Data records
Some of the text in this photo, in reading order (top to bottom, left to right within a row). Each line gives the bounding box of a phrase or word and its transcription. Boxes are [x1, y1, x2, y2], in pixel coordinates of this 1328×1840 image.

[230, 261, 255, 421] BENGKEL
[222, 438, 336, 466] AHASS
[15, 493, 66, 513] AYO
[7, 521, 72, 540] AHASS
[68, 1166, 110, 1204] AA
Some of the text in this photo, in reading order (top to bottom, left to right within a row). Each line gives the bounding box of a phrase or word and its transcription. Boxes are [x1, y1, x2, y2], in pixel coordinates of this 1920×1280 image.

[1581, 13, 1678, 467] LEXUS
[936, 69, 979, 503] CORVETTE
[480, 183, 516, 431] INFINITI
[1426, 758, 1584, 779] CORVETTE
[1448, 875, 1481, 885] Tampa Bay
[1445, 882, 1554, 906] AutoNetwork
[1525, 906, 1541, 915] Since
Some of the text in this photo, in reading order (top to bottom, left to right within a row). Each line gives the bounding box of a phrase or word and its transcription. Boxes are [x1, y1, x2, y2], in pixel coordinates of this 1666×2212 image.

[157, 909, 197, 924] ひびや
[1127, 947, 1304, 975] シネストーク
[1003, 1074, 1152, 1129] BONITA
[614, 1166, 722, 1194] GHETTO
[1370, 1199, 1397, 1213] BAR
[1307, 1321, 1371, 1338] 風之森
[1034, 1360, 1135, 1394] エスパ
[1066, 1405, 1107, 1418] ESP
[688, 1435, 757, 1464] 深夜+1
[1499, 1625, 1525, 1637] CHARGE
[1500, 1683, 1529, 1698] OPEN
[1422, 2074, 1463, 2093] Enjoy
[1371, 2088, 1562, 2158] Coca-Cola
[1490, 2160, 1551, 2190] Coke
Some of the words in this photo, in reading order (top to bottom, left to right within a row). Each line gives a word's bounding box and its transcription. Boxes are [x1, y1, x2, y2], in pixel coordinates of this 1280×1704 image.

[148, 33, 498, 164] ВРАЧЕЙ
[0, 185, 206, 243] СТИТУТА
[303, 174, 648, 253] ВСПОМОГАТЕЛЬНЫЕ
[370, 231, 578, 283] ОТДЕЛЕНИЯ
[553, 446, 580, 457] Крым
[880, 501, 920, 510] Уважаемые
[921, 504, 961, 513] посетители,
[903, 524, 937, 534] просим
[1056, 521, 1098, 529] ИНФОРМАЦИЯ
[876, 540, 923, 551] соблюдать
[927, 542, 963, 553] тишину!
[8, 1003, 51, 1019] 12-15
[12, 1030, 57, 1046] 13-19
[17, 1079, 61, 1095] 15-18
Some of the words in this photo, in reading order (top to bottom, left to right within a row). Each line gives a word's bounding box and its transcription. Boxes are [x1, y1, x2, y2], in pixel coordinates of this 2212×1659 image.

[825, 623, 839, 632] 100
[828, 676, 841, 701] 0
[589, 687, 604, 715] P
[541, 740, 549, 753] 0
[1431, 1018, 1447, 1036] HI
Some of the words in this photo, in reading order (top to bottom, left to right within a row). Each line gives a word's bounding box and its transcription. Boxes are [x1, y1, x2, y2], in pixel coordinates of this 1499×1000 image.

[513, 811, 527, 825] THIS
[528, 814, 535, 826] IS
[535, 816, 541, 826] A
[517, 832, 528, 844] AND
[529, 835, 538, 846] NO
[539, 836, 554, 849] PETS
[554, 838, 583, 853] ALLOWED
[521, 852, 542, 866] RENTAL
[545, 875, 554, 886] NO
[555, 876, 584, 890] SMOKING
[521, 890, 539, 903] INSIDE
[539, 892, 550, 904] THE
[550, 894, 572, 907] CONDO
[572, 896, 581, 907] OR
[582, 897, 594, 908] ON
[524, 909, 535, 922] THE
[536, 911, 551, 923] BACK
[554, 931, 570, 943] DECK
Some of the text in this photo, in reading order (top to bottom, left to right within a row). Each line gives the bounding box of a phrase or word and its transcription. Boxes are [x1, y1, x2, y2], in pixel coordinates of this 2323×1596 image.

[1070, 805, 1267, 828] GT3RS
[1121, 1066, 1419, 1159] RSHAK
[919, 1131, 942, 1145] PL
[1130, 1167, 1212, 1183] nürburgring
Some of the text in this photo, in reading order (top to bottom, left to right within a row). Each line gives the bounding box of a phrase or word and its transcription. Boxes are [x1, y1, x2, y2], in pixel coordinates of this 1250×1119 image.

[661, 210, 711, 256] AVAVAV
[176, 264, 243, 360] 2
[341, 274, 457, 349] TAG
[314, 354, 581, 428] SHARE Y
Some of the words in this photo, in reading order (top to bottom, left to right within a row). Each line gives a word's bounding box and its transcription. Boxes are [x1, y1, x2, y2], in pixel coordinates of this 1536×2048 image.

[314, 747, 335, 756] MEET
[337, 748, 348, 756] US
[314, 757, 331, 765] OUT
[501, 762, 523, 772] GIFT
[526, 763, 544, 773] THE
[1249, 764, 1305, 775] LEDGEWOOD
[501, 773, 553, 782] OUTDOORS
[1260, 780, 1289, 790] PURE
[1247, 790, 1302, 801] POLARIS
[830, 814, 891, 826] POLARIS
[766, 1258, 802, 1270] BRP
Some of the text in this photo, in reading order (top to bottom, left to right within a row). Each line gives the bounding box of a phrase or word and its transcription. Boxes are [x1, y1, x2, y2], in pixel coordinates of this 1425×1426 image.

__GOAL OF THE EXERCISE__. All the records, as written, must be given again.

__RESPONSE TO THIS EXERCISE__.
Some of the text in this photo, in reading order (top to bottom, left to right within a row). Each line gives the bounding box of a phrase or word and its transcription. Boxes are [x1, y1, x2, y2], in pixel coordinates of this 1328×1840 image.

[230, 261, 255, 421] BENGKEL
[222, 438, 336, 466] AHASS
[15, 493, 66, 513] AYO
[7, 521, 72, 540] AHASS
[68, 1166, 110, 1204] AA
Some of the text in this photo, in reading order (top to bottom, left to right within a row). Each line gives the bounding box of a phrase or word and its transcription. Boxes are [x1, y1, x2, y2], in pixel coordinates of this 1920×1280 image.

[1581, 13, 1678, 467] LEXUS
[936, 69, 979, 503] CORVETTE
[480, 183, 516, 431] INFINITI
[1426, 758, 1584, 779] CORVETTE
[1448, 875, 1481, 885] Tampa Bay
[1445, 882, 1554, 906] AutoNetwork
[1525, 906, 1541, 915] Since
Some of the text in this photo, in reading order (top to bottom, left to right within a row). Each line gives the bounding box of a phrase or word and its transcription. Boxes are [x1, y1, x2, y2], in pixel coordinates of this 1666×2212 image.

[157, 909, 197, 924] ひびや
[1127, 947, 1304, 975] シネストーク
[1003, 1074, 1152, 1129] BONITA
[614, 1166, 722, 1194] GHETTO
[1370, 1199, 1397, 1213] BAR
[1307, 1321, 1371, 1338] 風之森
[1034, 1360, 1135, 1394] エスパ
[1066, 1405, 1107, 1418] ESP
[688, 1435, 757, 1464] 深夜+1
[1499, 1625, 1525, 1637] CHARGE
[1500, 1683, 1529, 1698] OPEN
[1422, 2074, 1463, 2093] Enjoy
[1371, 2088, 1562, 2158] Coca-Cola
[1490, 2160, 1551, 2190] Coke
Some of the words in this photo, in reading order (top to bottom, left to right within a row). Each line gives a word's bounding box and its transcription. Boxes are [x1, y1, x2, y2], in pixel coordinates of this 1280×1704 image.

[148, 33, 498, 164] ВРАЧЕЙ
[0, 185, 206, 243] СТИТУТА
[303, 174, 648, 253] ВСПОМОГАТЕЛЬНЫЕ
[370, 231, 578, 283] ОТДЕЛЕНИЯ
[553, 446, 580, 457] Крым
[880, 501, 920, 510] Уважаемые
[921, 504, 961, 513] посетители,
[903, 524, 937, 534] просим
[1056, 521, 1098, 529] ИНФОРМАЦИЯ
[876, 540, 923, 551] соблюдать
[927, 542, 963, 553] тишину!
[8, 1003, 51, 1019] 12-15
[12, 1030, 57, 1046] 13-19
[17, 1079, 61, 1095] 15-18
Some of the words in this photo, in reading order (top to bottom, left to right within a row). Each line gives a word's bounding box and its transcription. Boxes are [x1, y1, x2, y2], in pixel coordinates of this 2212×1659 image.

[825, 623, 839, 632] 100
[828, 676, 841, 701] 0
[589, 687, 604, 715] P
[541, 740, 549, 753] 0
[1431, 1018, 1447, 1036] HI
Some of the words in this photo, in reading order (top to bottom, left to right within a row). Each line gives a word's bounding box and its transcription. Boxes are [x1, y1, x2, y2], in pixel coordinates of this 1499×1000 image.

[513, 811, 527, 825] THIS
[528, 814, 535, 826] IS
[535, 816, 541, 826] A
[517, 832, 528, 844] AND
[529, 835, 538, 846] NO
[539, 836, 554, 849] PETS
[554, 838, 583, 853] ALLOWED
[521, 852, 542, 866] RENTAL
[545, 875, 554, 886] NO
[555, 876, 584, 890] SMOKING
[521, 890, 539, 903] INSIDE
[539, 892, 550, 904] THE
[550, 894, 572, 907] CONDO
[572, 896, 581, 907] OR
[582, 897, 594, 908] ON
[524, 909, 535, 922] THE
[536, 911, 551, 923] BACK
[554, 931, 570, 943] DECK
Some of the text in this photo, in reading order (top to bottom, left to right within a row). Each line gives the bounding box of a phrase or word and its transcription. Boxes are [x1, y1, x2, y2], in pixel coordinates of this 2323×1596 image.

[1070, 805, 1267, 828] GT3RS
[1121, 1066, 1419, 1159] RSHAK
[919, 1131, 942, 1145] PL
[1130, 1167, 1212, 1183] nürburgring
Some of the text in this photo, in reading order (top to bottom, left to right within a row). Each line gives the bounding box of a phrase or word and its transcription. Boxes are [x1, y1, x2, y2], in pixel coordinates of this 1250×1119 image.

[661, 210, 711, 256] AVAVAV
[176, 264, 243, 360] 2
[341, 274, 457, 349] TAG
[314, 354, 581, 428] SHARE Y
Some of the words in this photo, in reading order (top to bottom, left to right within a row). Each line gives a word's bounding box and its transcription. Boxes are [x1, y1, x2, y2], in pixel coordinates of this 1536×2048 image.

[314, 747, 335, 756] MEET
[337, 748, 348, 756] US
[314, 757, 331, 765] OUT
[501, 762, 523, 772] GIFT
[526, 763, 544, 773] THE
[1249, 764, 1305, 775] LEDGEWOOD
[501, 773, 553, 782] OUTDOORS
[1260, 780, 1289, 790] PURE
[1247, 790, 1302, 801] POLARIS
[830, 814, 891, 826] POLARIS
[766, 1258, 802, 1270] BRP
Some of the text in this photo, in reading order (top to bottom, left to right within a row). Each line gives the bounding box of a phrase or word and its transcription. Boxes are [x1, y1, x2, y2], in pixel coordinates of this 1425×1426 image.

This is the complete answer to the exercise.